C-strings are a fundamental or primitive data type that the compiler processes without additional information. That means that programmers can define C-strings and use the basic operators like indexing ([]), the inserter (<<), and argument passing without #including a C-string header file. However, a program must have prototypes for the C-string functions before using them. C++ inherits most C-string functions from the C programming language, so their prototypes are available in two header files.
#include <cstring> (preferred for C++)
#include <string.h> (usable with both C and C++)
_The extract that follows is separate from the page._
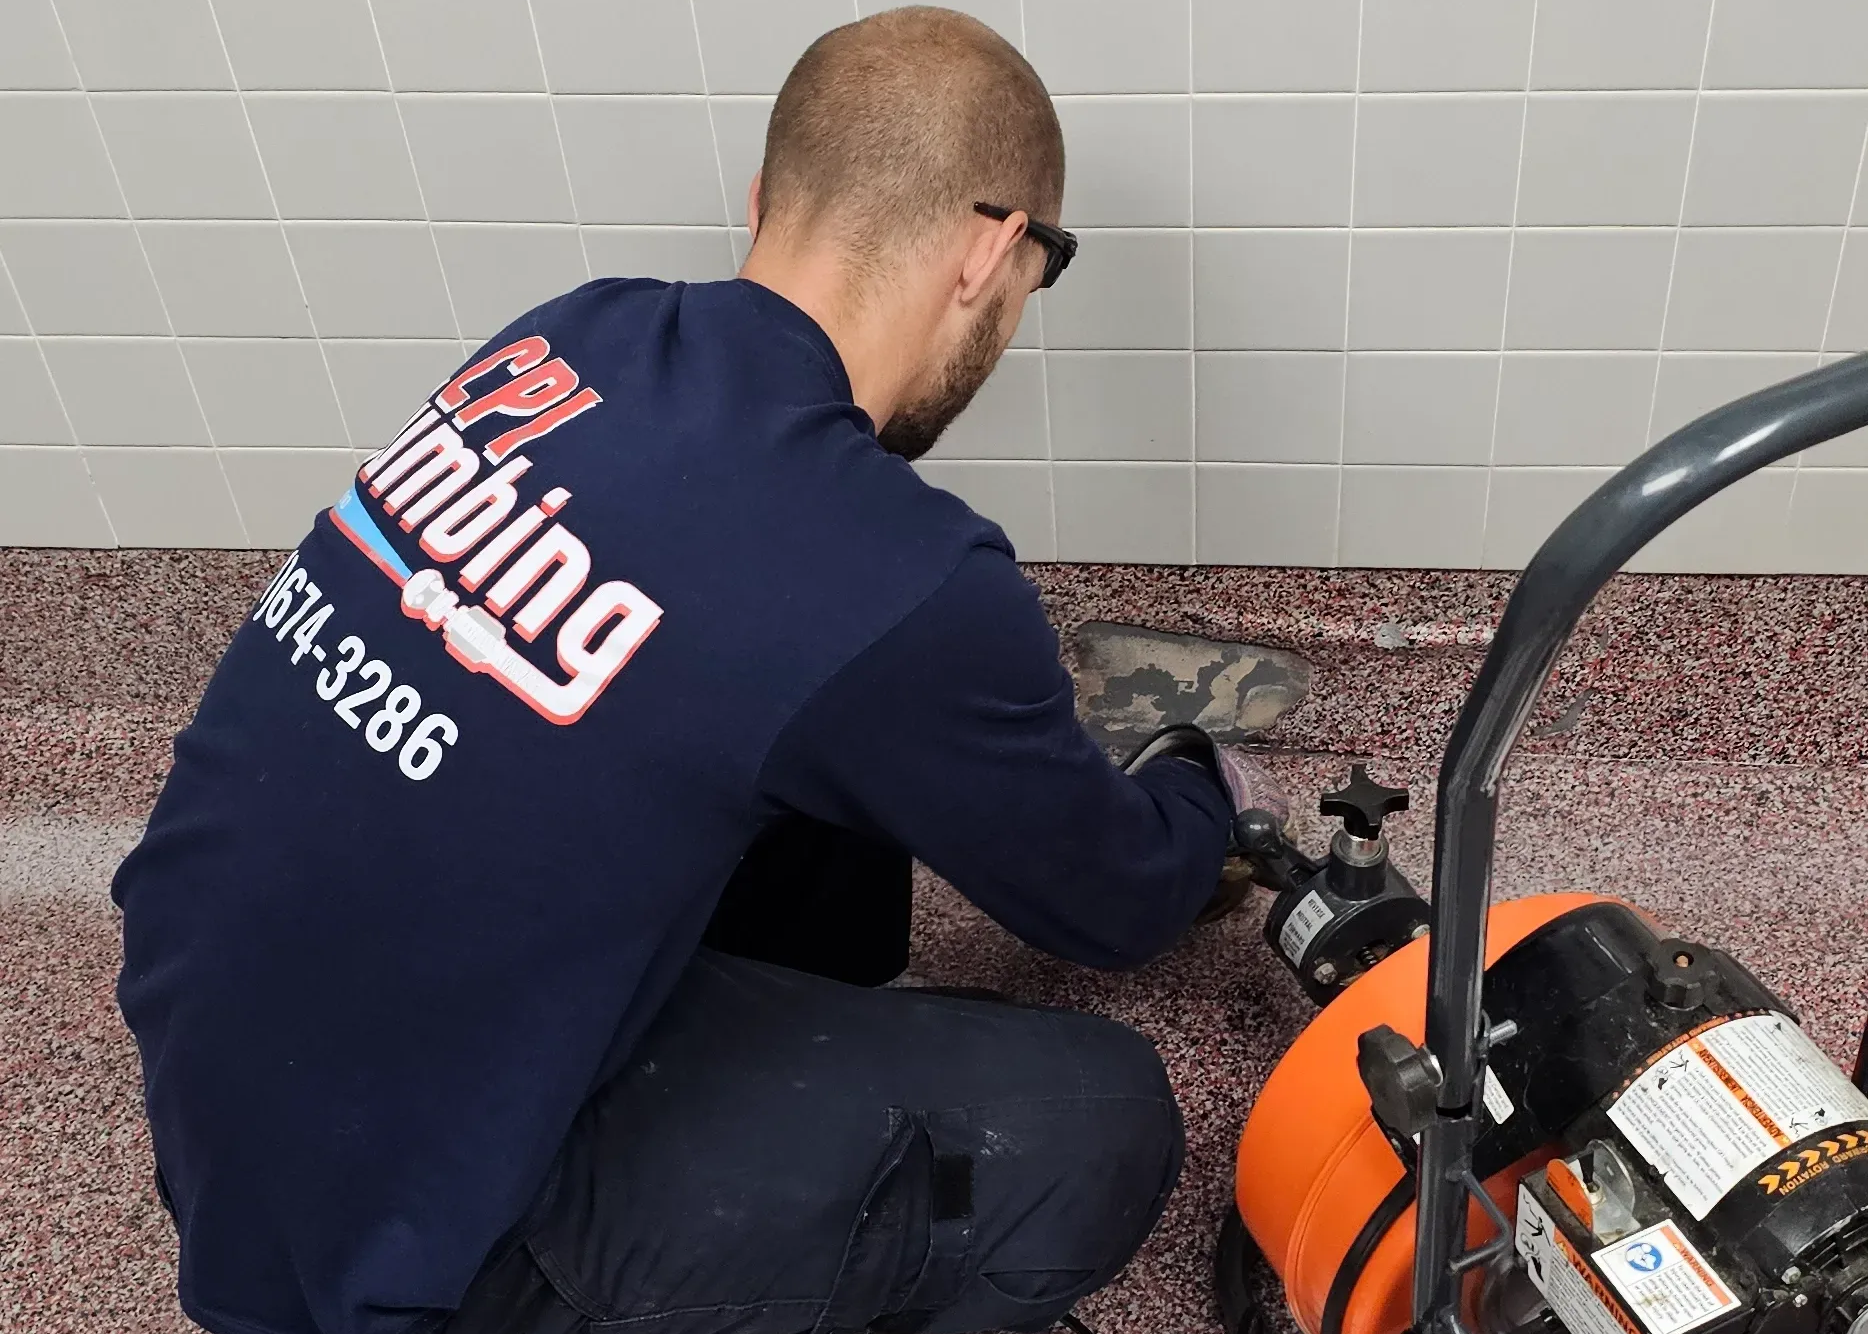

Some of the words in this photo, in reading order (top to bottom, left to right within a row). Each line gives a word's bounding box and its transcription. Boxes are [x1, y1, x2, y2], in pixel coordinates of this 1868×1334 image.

[432, 335, 604, 466] CPI
[1778, 1161, 1830, 1196] ROTATION
[1680, 1248, 1713, 1287] WARNING
The C-String header files.
Programmers may use either header file in a C++ program, but the first is tailored for C++, making it the preferred choice. The C-string function names are terse and cryptic, but they suggest the operations the functions provide and the kind of data they operate on. Functions whose names begin with "str" operate on C-strings, and their parameters are mostly character pointers. Functions whose names begin with "mem" perform similar tasks but with more general data. The frequently used header files (e.g., <iostream>) provided with some compilers chain one header to another by including the C-string header file, making an explicit #include <cstring> unnecessary. Nevertheless, explicitly including the C-string header file makes programs more portable.
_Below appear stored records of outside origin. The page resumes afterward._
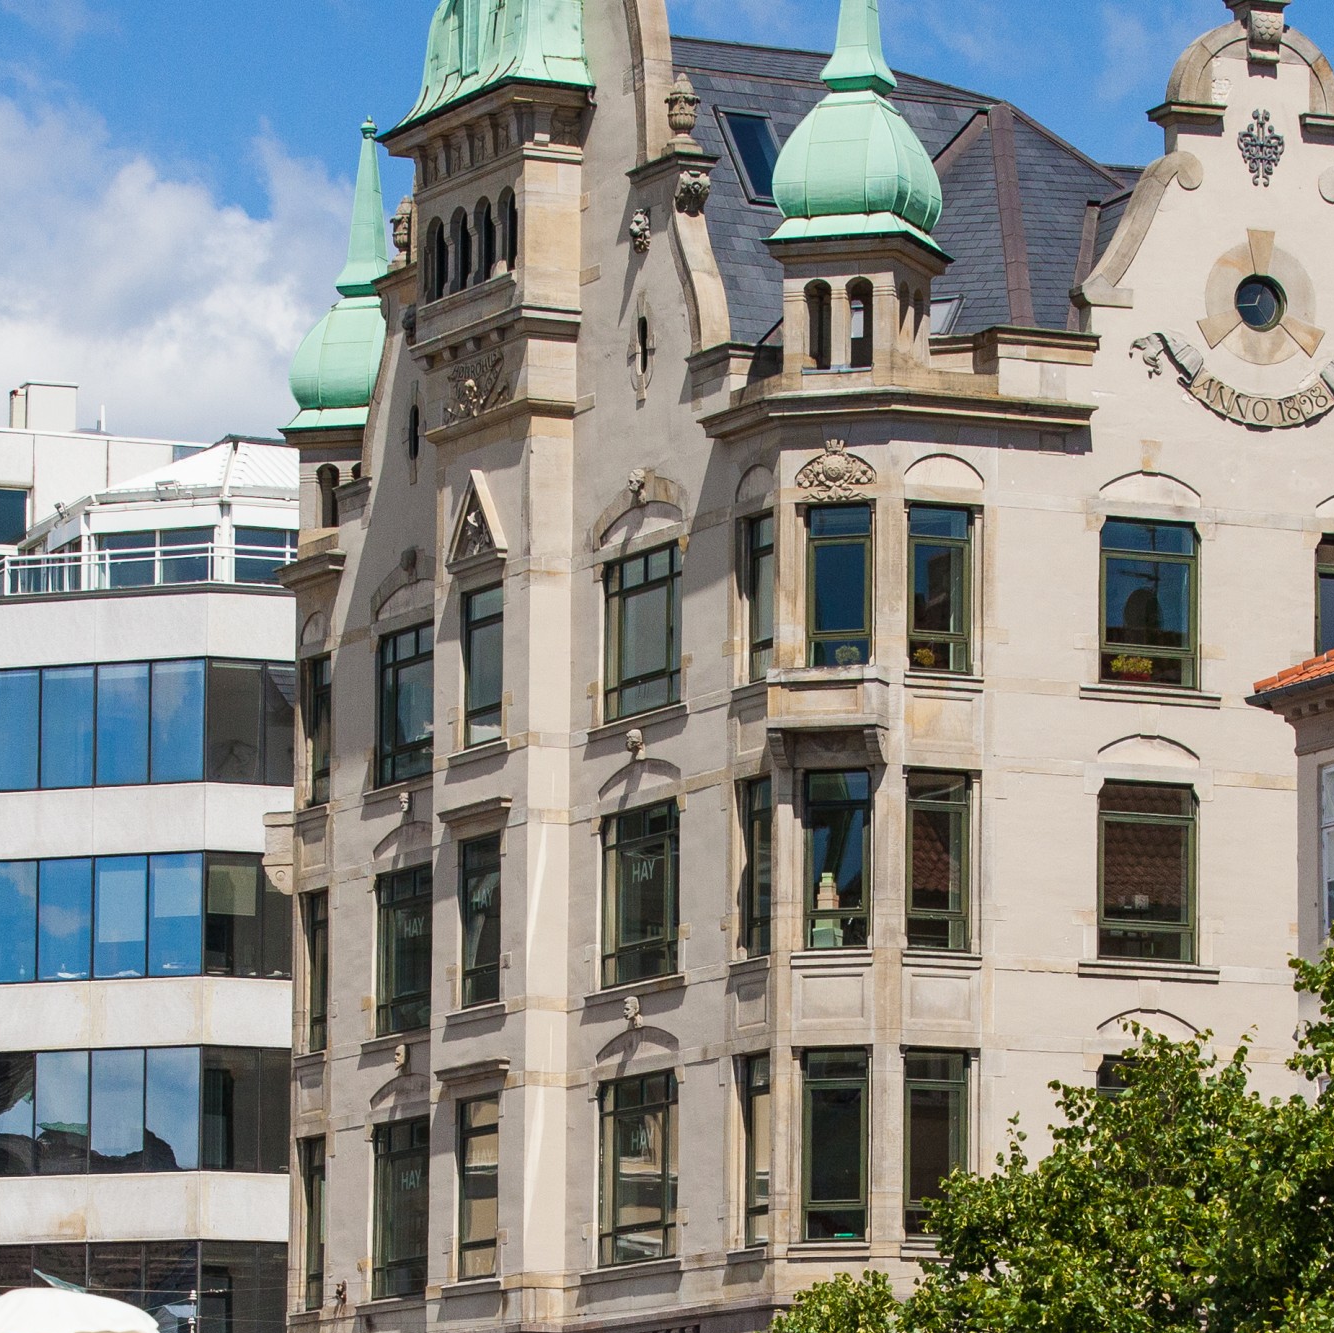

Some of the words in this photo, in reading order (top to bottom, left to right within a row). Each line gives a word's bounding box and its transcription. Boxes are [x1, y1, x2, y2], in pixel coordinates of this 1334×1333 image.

[1193, 380, 1271, 423] ANNO
[1277, 385, 1329, 424] 1898
[632, 861, 656, 884] HAY
[404, 916, 425, 938] HAY
[631, 1127, 655, 1152] HAY
[401, 1168, 422, 1192] HAY
The header files contain the function prototypes for all the C-string functions. C++ documentation typically includes the same prototypes at the top of the function's description. The functions are a standard part of C++'s API, meaning the compiler system stores each function's machine instructions in a library, and the linker (or loader) extracts the instructions and incorporates them into a program as part of the compilation process. New C++ programmers need to understand four prerequisite concepts when learning to use the C-string documentation:
The char data type and ASCII encoding
The nullptr and the difference between null and empty strings
Peculiar datatypes in C-string function documentation
The Microsoft Visual Studio secure variations
ASCII Encoding
Internally, computers store textual data in a coded format. Unicode is common today (that's what Java uses). Unicode represents characters as 2-byte integers, allowing for 64K distinct characters. Although C++ can also use a wide, 2-byte character, we'll use the older, 1-byte character type char for our examples. The char data type uses the older American Standard Code for Information Interchange (ASCII) encoding scheme. ASCII is a 1-byte (or 8-bit) character that can store 256 different characters. The first 128 characters are standardized, but the last 128 (the extended ASCII code) are not always interpreted in the same way by all devices.
We can find the ASCII encoding of a specific character in any ASCII table (a web search for "ASCII table" will provide numerous examples). The first 32 characters (the first column in the table linked above) are control characters used to control connected hardware devices. The remaining characters encode the symbols, punctuation marks, digits, and alphabetic characters that comprise most of the text on a computer screen. Interestingly, the digits '0' through '9' are not represented by the numbers 0-9. The digit '0' is encoded as the numeric value of 48 (decimal or base-10), while the character '9' is encoded as 57. ASCII encodes all the digits in the contiguous range 48-57. The alphabetic characters also occupy a contiguous range, but the uppercase letters (65-90) are separate from and precede the lowercase letters (97-122).
nullptr And Empty C-Strings
nullptr, introduced in Chapter 4, is a special pointer value that indicates "pointing to nothing." Chapter 4 also suggested that we can test a pointer's value to see whether it is nullptr. But for this test to be meaningful, we must initialize the pointer before running it. A pointer variable definition, such as char* p;, allocates the memory needed to store a pointer but does not always initialize the value stored in the pointer. An uninitialized pointer variable does not store nullptr or any valid address.
char* p = nullptr;
. . .
if (p == nullptr)
. . .
if (p != nullptr)
. . .
char s[100] = ""; // (i)
char s[100]; // (ii)
s[0] = '\0';
if (s != nullptr) . . .// is true
(a)
(b)
(c)
Null vs. empty C-Strings.
A null C-string is a character pointer that does not point to anything; that is, a character pointer storing the nullptr value. Conversely, an empty C-string is an array, or a pointer to an array, that doesn't contain any character data - the program has allocated the string's memory and put a null termination character as its first element.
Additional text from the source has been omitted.